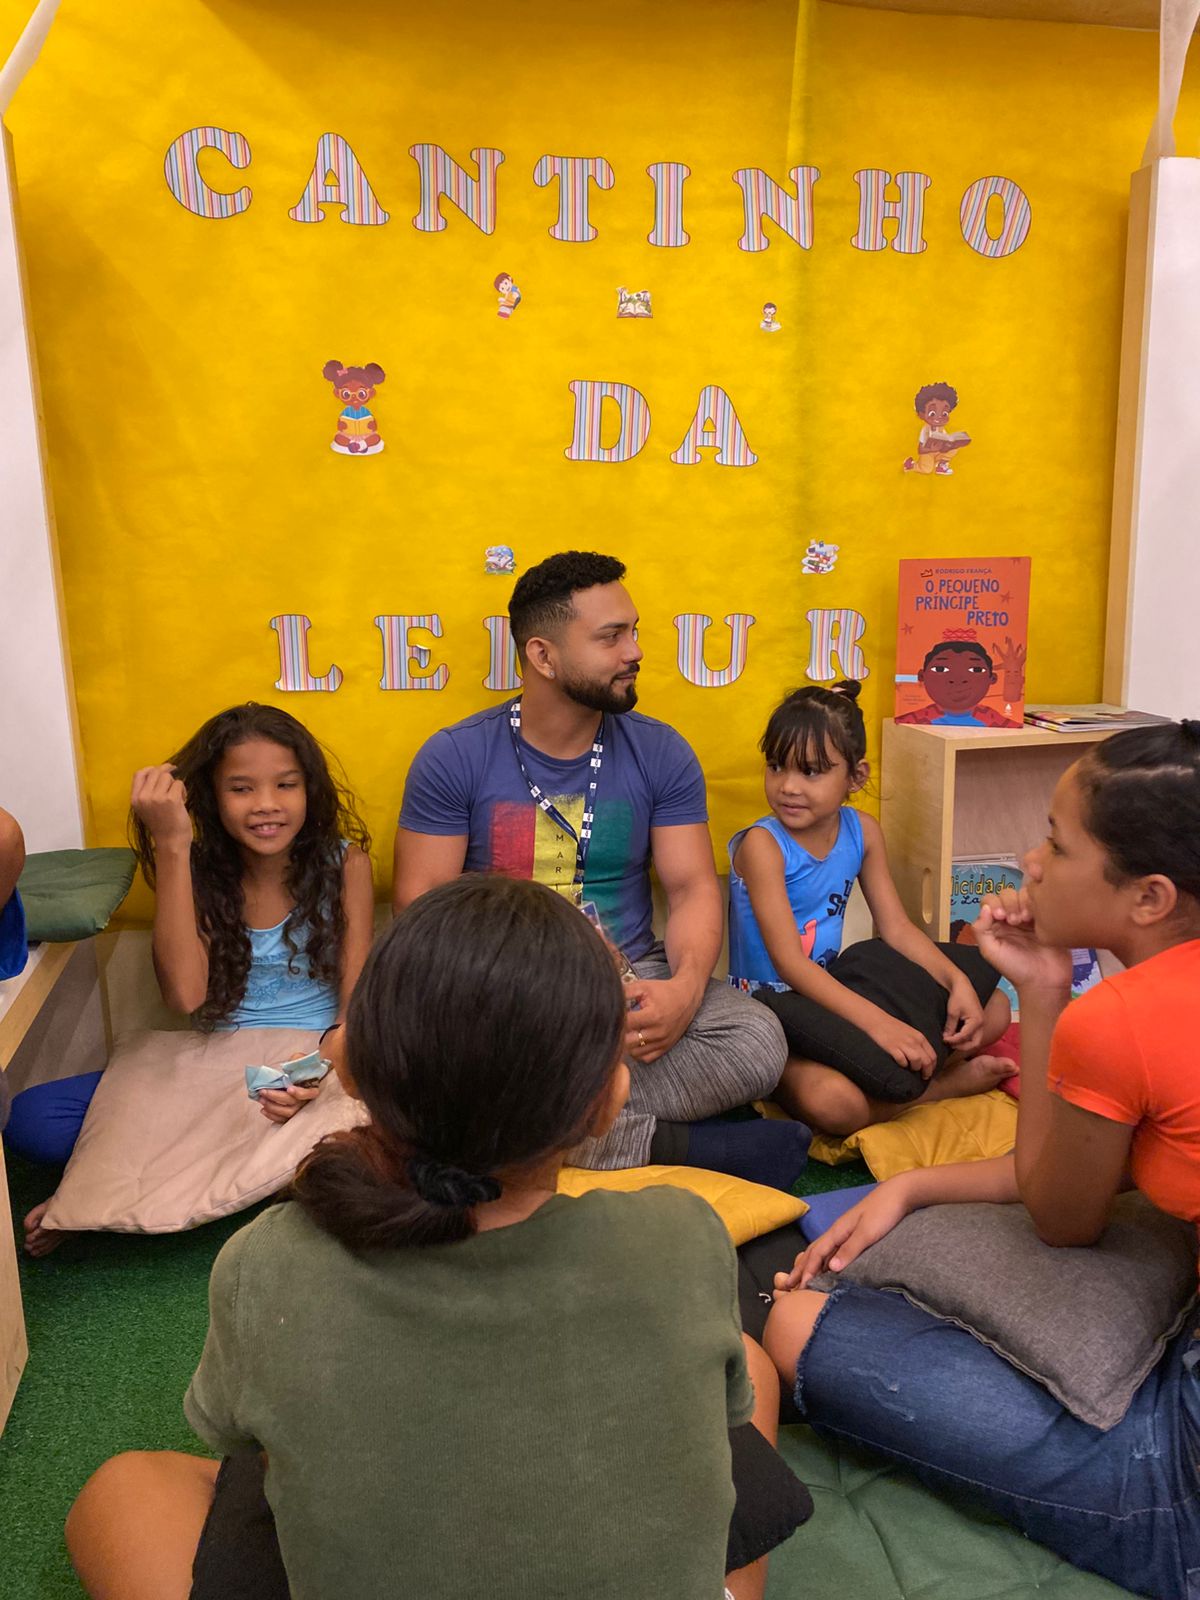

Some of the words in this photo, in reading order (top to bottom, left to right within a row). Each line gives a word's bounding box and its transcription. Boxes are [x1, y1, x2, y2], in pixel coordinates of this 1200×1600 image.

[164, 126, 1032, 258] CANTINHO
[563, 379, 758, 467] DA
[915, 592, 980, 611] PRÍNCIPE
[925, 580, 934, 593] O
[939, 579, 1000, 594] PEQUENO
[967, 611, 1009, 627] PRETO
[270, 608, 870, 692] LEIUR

+ + + + + + +

# What you will do
Would you repeat the listing word for word and skip every picture?

# Answer box
Some of the words in this photo, in reading order (top to bottom, left to right within a row). Each line gives a word's bounding box and its transcription. Boxes are [x1, y1, x2, y2], in pixel coordinates of this 1200×1600 image.

[164, 126, 1032, 258] CANTINHO
[563, 379, 758, 467] DA
[915, 592, 980, 611] PRÍNCIPE
[925, 580, 934, 593] O
[939, 579, 1000, 594] PEQUENO
[967, 611, 1009, 627] PRETO
[270, 608, 870, 692] LEIUR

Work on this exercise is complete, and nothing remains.